• _What to produce_
From first line to last, print the records exactly, but leave out the pictures.

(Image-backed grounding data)
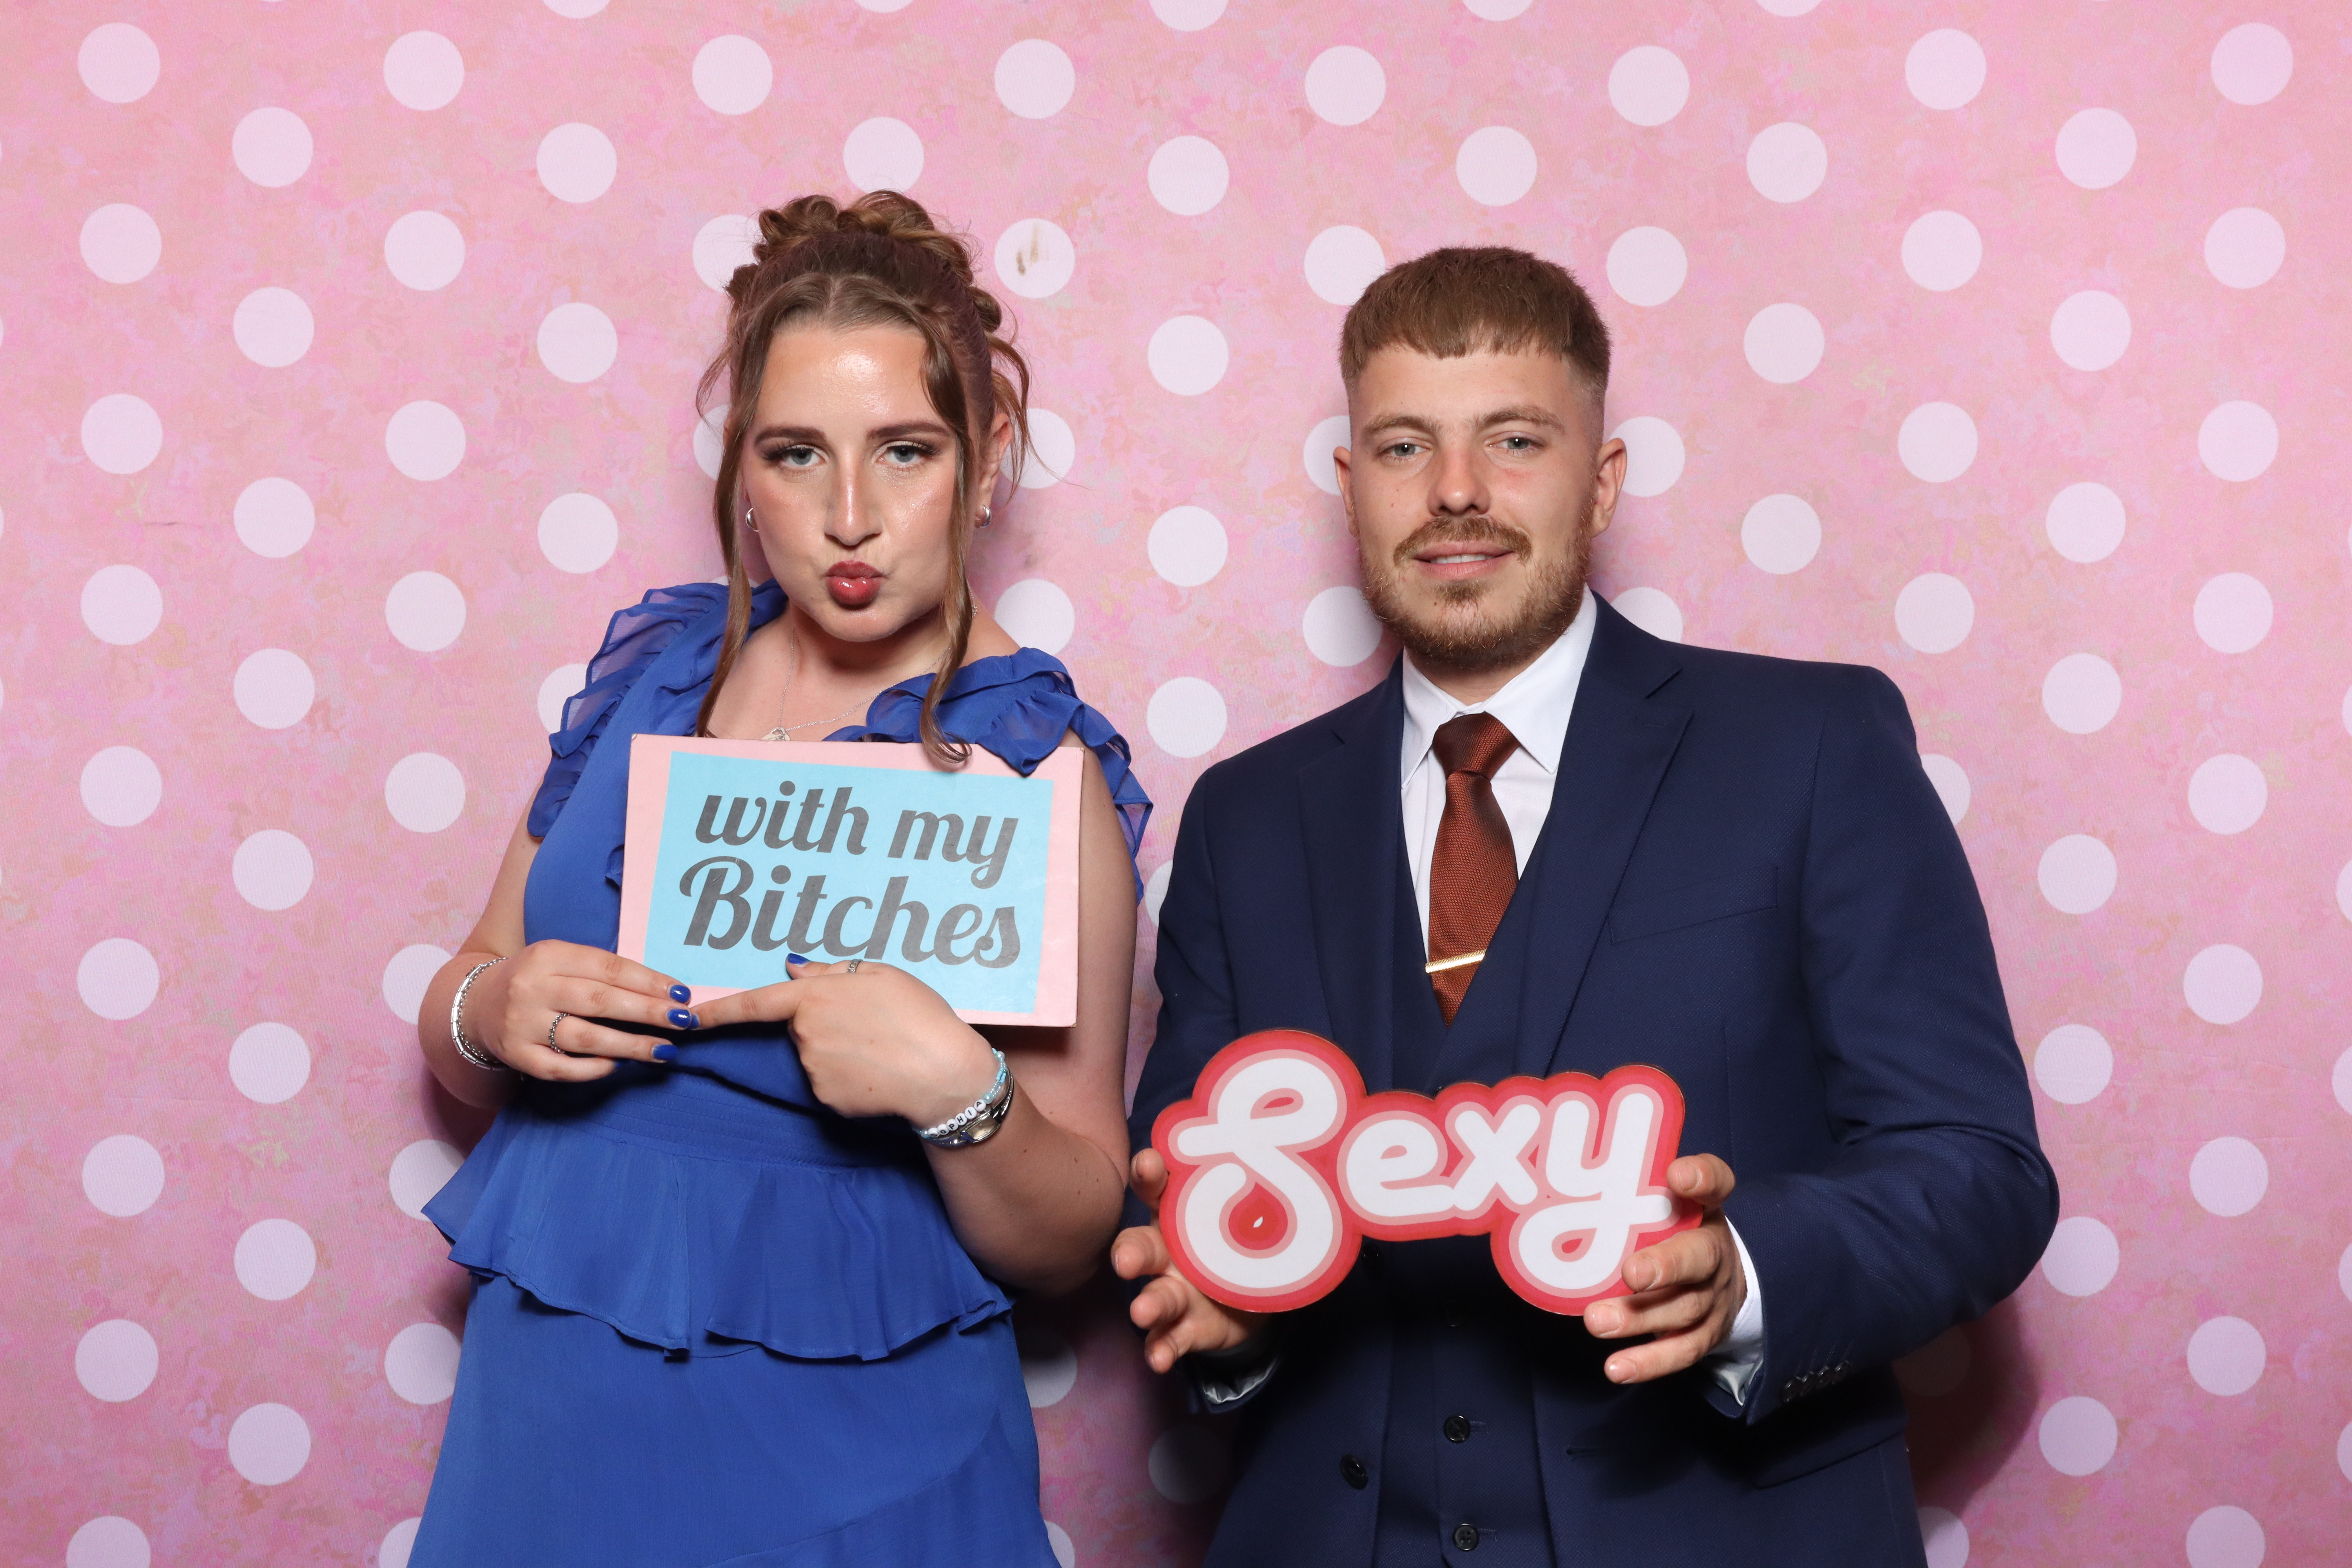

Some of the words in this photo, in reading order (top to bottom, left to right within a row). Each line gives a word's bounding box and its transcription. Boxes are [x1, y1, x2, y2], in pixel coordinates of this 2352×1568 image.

[695, 780, 869, 855] with
[887, 810, 1019, 889] my
[679, 856, 1020, 968] Bitches
[1175, 1057, 1673, 1290] Sexy
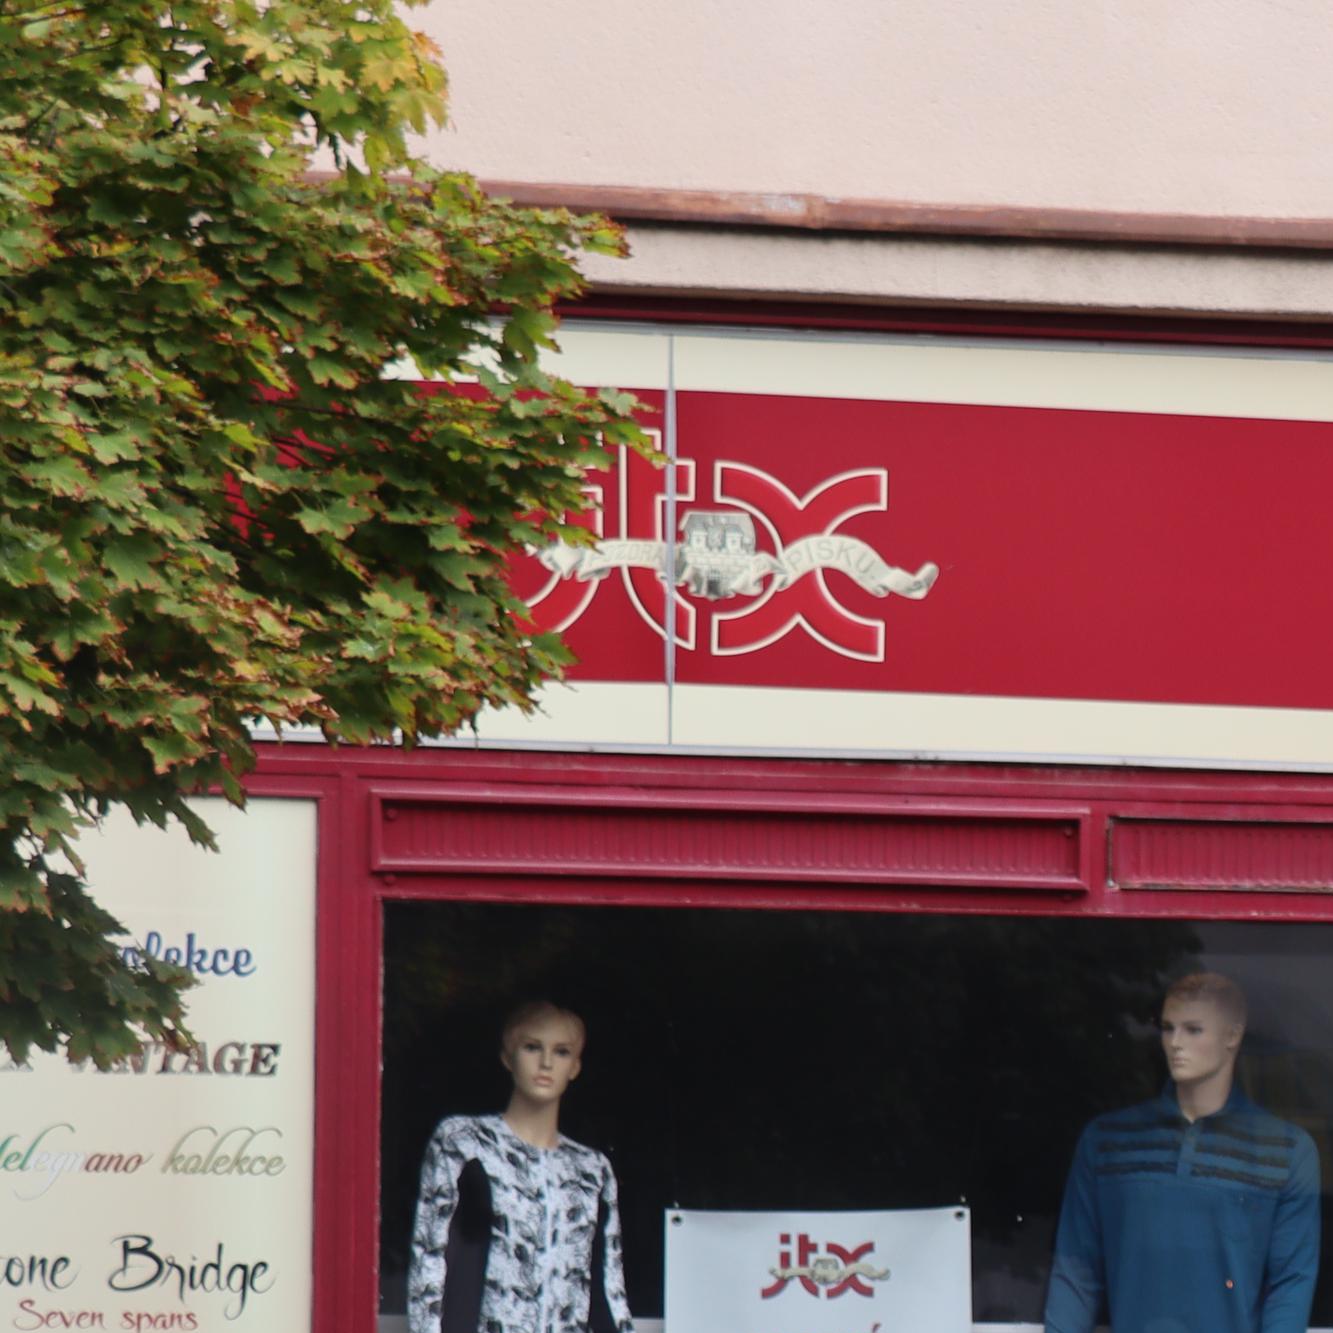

• _Reply_
Some of the words in this photo, in reading order (top to bottom, left to right within a row). Each line gives a word's bounding box and its transcription. Boxes are [x1, y1, x2, y2], in pixel coordinates of this 2352×1568 image.

[695, 780, 869, 855] with
[887, 810, 1019, 889] my
[679, 856, 1020, 968] Bitches
[1175, 1057, 1673, 1290] Sexy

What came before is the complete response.